=== Task brief ===
Every record needs to be set down again without a single difference.

=== Source material ===
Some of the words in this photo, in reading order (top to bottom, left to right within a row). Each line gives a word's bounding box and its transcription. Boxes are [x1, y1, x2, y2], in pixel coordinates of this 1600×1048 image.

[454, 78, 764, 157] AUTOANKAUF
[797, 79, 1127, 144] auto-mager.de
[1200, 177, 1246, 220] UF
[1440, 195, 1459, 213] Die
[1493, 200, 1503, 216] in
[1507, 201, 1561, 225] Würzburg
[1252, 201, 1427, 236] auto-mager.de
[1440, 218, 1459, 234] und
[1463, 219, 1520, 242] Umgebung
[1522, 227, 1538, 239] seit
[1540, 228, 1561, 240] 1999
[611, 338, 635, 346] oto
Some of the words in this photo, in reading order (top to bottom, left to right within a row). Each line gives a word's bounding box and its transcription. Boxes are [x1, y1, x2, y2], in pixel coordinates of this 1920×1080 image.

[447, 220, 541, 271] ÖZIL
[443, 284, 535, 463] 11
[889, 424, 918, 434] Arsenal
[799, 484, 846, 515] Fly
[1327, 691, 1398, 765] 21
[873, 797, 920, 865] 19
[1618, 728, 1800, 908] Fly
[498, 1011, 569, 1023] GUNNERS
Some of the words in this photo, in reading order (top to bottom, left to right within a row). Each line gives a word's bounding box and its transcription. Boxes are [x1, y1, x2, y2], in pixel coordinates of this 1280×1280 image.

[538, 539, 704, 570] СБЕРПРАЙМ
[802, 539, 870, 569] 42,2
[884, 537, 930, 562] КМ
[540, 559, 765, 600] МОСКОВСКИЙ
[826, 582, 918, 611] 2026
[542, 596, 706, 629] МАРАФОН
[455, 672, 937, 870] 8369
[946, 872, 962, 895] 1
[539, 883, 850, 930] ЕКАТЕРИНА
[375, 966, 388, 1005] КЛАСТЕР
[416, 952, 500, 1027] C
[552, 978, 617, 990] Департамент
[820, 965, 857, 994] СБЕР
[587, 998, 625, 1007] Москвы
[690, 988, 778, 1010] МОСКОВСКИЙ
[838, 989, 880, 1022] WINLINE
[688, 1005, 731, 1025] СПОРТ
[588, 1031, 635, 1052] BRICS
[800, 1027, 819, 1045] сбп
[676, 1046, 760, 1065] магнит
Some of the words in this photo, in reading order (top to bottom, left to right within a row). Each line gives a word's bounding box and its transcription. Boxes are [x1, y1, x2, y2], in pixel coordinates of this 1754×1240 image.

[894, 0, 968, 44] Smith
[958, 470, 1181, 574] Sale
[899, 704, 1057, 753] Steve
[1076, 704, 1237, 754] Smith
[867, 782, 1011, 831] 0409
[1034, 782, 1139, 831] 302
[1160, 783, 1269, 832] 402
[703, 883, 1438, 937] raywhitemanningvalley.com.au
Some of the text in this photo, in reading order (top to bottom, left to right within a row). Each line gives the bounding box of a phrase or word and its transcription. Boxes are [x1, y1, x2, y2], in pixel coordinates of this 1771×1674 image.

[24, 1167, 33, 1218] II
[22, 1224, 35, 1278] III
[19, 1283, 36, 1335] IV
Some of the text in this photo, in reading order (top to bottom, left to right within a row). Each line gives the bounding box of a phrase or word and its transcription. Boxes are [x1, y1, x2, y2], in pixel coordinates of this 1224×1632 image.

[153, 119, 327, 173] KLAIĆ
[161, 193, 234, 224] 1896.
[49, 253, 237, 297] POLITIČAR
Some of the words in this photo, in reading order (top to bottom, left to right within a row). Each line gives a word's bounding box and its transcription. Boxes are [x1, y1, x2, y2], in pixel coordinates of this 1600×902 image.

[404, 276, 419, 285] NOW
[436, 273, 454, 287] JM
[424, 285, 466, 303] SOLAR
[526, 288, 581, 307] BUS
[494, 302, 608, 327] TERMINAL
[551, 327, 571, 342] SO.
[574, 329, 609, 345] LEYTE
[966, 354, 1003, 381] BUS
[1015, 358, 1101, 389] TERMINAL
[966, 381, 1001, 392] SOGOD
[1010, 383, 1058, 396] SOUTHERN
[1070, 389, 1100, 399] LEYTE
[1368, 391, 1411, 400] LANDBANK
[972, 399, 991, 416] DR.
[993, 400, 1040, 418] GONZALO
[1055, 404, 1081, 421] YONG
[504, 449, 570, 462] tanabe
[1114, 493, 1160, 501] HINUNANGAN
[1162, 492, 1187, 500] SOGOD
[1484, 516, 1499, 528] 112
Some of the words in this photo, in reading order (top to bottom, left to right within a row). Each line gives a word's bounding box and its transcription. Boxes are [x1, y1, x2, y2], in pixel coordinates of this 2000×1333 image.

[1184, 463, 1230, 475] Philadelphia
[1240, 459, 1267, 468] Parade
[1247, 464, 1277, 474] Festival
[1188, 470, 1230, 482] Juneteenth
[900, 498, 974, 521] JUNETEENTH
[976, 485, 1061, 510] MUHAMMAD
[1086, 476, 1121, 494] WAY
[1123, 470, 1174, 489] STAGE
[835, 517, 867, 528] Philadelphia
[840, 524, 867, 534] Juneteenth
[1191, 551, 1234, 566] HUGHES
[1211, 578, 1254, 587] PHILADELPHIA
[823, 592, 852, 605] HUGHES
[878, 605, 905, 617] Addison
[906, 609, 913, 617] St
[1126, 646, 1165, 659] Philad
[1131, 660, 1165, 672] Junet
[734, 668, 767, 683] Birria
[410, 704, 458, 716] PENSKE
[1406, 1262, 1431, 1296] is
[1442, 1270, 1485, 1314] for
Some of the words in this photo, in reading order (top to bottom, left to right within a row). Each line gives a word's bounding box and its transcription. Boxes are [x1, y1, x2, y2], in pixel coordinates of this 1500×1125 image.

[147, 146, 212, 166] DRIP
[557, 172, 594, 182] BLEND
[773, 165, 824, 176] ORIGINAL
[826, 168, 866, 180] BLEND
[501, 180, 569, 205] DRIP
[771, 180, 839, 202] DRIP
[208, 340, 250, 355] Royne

=== Result of the task ===
Some of the words in this photo, in reading order (top to bottom, left to right within a row). Each line gives a word's bounding box and its transcription. Boxes are [x1, y1, x2, y2], in pixel coordinates of this 1600×1048 image.

[454, 78, 764, 157] AUTOANKAUF
[797, 79, 1127, 144] auto-mager.de
[1200, 177, 1246, 220] UF
[1440, 195, 1459, 213] Die
[1493, 200, 1503, 216] in
[1507, 201, 1561, 225] Würzburg
[1252, 201, 1427, 236] auto-mager.de
[1440, 218, 1459, 234] und
[1463, 219, 1520, 242] Umgebung
[1522, 227, 1538, 239] seit
[1540, 228, 1561, 240] 1999
[611, 338, 635, 346] oto
Some of the words in this photo, in reading order (top to bottom, left to right within a row). Each line gives a word's bounding box and its transcription. Boxes are [x1, y1, x2, y2], in pixel coordinates of this 1920×1080 image.

[447, 220, 541, 271] ÖZIL
[443, 284, 535, 463] 11
[889, 424, 918, 434] Arsenal
[799, 484, 846, 515] Fly
[1327, 691, 1398, 765] 21
[873, 797, 920, 865] 19
[1618, 728, 1800, 908] Fly
[498, 1011, 569, 1023] GUNNERS
Some of the words in this photo, in reading order (top to bottom, left to right within a row). Each line gives a word's bounding box and its transcription. Boxes are [x1, y1, x2, y2], in pixel coordinates of this 1280×1280 image.

[538, 539, 704, 570] СБЕРПРАЙМ
[802, 539, 870, 569] 42,2
[884, 537, 930, 562] КМ
[540, 559, 765, 600] МОСКОВСКИЙ
[826, 582, 918, 611] 2026
[542, 596, 706, 629] МАРАФОН
[455, 672, 937, 870] 8369
[946, 872, 962, 895] 1
[539, 883, 850, 930] ЕКАТЕРИНА
[375, 966, 388, 1005] КЛАСТЕР
[416, 952, 500, 1027] C
[552, 978, 617, 990] Департамент
[820, 965, 857, 994] СБЕР
[587, 998, 625, 1007] Москвы
[690, 988, 778, 1010] МОСКОВСКИЙ
[838, 989, 880, 1022] WINLINE
[688, 1005, 731, 1025] СПОРТ
[588, 1031, 635, 1052] BRICS
[800, 1027, 819, 1045] сбп
[676, 1046, 760, 1065] магнит
Some of the words in this photo, in reading order (top to bottom, left to right within a row). Each line gives a word's bounding box and its transcription. Boxes are [x1, y1, x2, y2], in pixel coordinates of this 1754×1240 image.

[894, 0, 968, 44] Smith
[958, 470, 1181, 574] Sale
[899, 704, 1057, 753] Steve
[1076, 704, 1237, 754] Smith
[867, 782, 1011, 831] 0409
[1034, 782, 1139, 831] 302
[1160, 783, 1269, 832] 402
[703, 883, 1438, 937] raywhitemanningvalley.com.au
Some of the text in this photo, in reading order (top to bottom, left to right within a row). Each line gives the bounding box of a phrase or word and its transcription. Boxes are [x1, y1, x2, y2], in pixel coordinates of this 1771×1674 image.

[24, 1167, 33, 1218] II
[22, 1224, 35, 1278] III
[19, 1283, 36, 1335] IV
Some of the text in this photo, in reading order (top to bottom, left to right within a row). Each line gives the bounding box of a phrase or word and its transcription. Boxes are [x1, y1, x2, y2], in pixel coordinates of this 1224×1632 image.

[153, 119, 327, 173] KLAIĆ
[161, 193, 234, 224] 1896.
[49, 253, 237, 297] POLITIČAR
Some of the words in this photo, in reading order (top to bottom, left to right within a row). Each line gives a word's bounding box and its transcription. Boxes are [x1, y1, x2, y2], in pixel coordinates of this 1600×902 image.

[404, 276, 419, 285] NOW
[436, 273, 454, 287] JM
[424, 285, 466, 303] SOLAR
[526, 288, 581, 307] BUS
[494, 302, 608, 327] TERMINAL
[551, 327, 571, 342] SO.
[574, 329, 609, 345] LEYTE
[966, 354, 1003, 381] BUS
[1015, 358, 1101, 389] TERMINAL
[966, 381, 1001, 392] SOGOD
[1010, 383, 1058, 396] SOUTHERN
[1070, 389, 1100, 399] LEYTE
[1368, 391, 1411, 400] LANDBANK
[972, 399, 991, 416] DR.
[993, 400, 1040, 418] GONZALO
[1055, 404, 1081, 421] YONG
[504, 449, 570, 462] tanabe
[1114, 493, 1160, 501] HINUNANGAN
[1162, 492, 1187, 500] SOGOD
[1484, 516, 1499, 528] 112
Some of the words in this photo, in reading order (top to bottom, left to right within a row). Each line gives a word's bounding box and its transcription. Boxes are [x1, y1, x2, y2], in pixel coordinates of this 2000×1333 image.

[1184, 463, 1230, 475] Philadelphia
[1240, 459, 1267, 468] Parade
[1247, 464, 1277, 474] Festival
[1188, 470, 1230, 482] Juneteenth
[900, 498, 974, 521] JUNETEENTH
[976, 485, 1061, 510] MUHAMMAD
[1086, 476, 1121, 494] WAY
[1123, 470, 1174, 489] STAGE
[835, 517, 867, 528] Philadelphia
[840, 524, 867, 534] Juneteenth
[1191, 551, 1234, 566] HUGHES
[1211, 578, 1254, 587] PHILADELPHIA
[823, 592, 852, 605] HUGHES
[878, 605, 905, 617] Addison
[906, 609, 913, 617] St
[1126, 646, 1165, 659] Philad
[1131, 660, 1165, 672] Junet
[734, 668, 767, 683] Birria
[410, 704, 458, 716] PENSKE
[1406, 1262, 1431, 1296] is
[1442, 1270, 1485, 1314] for
Some of the words in this photo, in reading order (top to bottom, left to right within a row). Each line gives a word's bounding box and its transcription. Boxes are [x1, y1, x2, y2], in pixel coordinates of this 1500×1125 image.

[147, 146, 212, 166] DRIP
[557, 172, 594, 182] BLEND
[773, 165, 824, 176] ORIGINAL
[826, 168, 866, 180] BLEND
[501, 180, 569, 205] DRIP
[771, 180, 839, 202] DRIP
[208, 340, 250, 355] Royne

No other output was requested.